START RECORDS SHOWN

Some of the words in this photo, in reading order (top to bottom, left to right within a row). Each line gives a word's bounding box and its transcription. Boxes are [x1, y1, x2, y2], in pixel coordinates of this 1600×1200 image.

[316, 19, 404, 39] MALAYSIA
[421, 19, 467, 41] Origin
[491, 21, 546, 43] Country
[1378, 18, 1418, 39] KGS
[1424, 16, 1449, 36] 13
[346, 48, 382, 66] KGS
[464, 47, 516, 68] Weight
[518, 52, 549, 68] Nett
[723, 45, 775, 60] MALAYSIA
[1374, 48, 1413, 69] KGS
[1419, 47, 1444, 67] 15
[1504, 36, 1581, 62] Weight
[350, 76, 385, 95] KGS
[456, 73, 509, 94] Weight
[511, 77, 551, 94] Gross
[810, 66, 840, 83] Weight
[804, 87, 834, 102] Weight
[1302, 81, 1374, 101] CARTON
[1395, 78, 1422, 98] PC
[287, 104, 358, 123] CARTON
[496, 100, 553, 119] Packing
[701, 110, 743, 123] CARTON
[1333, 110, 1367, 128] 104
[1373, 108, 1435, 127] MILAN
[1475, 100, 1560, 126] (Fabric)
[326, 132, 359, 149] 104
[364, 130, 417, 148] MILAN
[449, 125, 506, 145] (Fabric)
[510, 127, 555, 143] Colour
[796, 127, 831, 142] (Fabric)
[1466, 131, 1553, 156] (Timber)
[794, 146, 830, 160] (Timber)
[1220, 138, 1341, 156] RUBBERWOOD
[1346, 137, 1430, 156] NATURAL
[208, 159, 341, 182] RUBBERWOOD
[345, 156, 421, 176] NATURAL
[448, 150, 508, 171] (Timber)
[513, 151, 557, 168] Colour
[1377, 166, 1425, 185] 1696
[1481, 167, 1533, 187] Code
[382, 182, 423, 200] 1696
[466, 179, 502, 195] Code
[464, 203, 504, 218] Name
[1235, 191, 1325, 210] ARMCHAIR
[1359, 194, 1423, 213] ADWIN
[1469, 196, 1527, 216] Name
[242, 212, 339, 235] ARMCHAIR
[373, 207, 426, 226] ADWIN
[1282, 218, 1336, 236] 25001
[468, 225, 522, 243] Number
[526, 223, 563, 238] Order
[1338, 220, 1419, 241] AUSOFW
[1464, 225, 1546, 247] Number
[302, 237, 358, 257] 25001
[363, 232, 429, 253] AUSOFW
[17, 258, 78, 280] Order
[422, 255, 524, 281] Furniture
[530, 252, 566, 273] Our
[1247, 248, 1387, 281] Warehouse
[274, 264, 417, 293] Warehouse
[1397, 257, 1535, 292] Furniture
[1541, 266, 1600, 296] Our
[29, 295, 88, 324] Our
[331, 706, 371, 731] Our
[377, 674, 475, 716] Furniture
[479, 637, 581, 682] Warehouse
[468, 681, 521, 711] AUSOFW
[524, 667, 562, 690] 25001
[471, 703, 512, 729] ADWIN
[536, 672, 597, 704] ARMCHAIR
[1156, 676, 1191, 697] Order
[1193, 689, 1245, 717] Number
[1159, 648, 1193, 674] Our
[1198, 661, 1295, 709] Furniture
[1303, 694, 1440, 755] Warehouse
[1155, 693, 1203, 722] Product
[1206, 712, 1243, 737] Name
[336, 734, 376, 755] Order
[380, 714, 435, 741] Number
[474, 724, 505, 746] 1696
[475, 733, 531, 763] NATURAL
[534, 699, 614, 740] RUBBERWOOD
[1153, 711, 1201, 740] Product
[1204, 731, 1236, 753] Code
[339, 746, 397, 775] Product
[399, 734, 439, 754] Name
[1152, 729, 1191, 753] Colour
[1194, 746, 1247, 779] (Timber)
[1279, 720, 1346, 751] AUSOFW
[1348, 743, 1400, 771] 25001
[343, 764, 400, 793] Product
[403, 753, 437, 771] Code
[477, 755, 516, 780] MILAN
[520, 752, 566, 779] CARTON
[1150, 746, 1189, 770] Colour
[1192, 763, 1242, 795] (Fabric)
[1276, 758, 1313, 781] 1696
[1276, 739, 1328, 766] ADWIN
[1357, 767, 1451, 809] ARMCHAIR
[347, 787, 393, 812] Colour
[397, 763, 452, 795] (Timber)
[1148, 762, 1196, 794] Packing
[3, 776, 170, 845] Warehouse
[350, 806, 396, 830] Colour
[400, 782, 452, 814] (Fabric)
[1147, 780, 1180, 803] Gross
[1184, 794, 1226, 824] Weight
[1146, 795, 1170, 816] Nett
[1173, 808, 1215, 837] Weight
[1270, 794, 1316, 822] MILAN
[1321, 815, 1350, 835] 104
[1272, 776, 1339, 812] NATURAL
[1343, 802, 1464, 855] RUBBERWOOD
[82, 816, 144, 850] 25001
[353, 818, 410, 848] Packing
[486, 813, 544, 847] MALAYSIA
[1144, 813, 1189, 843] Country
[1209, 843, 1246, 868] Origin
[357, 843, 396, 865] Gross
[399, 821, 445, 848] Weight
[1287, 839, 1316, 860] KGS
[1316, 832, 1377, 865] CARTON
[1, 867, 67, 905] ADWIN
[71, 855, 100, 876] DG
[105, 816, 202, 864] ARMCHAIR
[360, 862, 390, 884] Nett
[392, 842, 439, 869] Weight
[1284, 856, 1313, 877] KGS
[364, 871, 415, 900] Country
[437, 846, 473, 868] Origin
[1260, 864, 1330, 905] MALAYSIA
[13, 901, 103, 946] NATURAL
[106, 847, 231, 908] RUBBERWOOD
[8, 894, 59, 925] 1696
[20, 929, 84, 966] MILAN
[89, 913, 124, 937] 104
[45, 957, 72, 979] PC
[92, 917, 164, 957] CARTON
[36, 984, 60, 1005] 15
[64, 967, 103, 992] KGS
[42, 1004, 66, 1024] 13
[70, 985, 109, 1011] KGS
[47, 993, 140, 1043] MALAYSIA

END RECORDS SHOWN

Which lines above include the word "NATURAL"? Pick them out and copy them.

[1346, 137, 1430, 156] NATURAL
[345, 156, 421, 176] NATURAL
[475, 733, 531, 763] NATURAL
[1272, 776, 1339, 812] NATURAL
[13, 901, 103, 946] NATURAL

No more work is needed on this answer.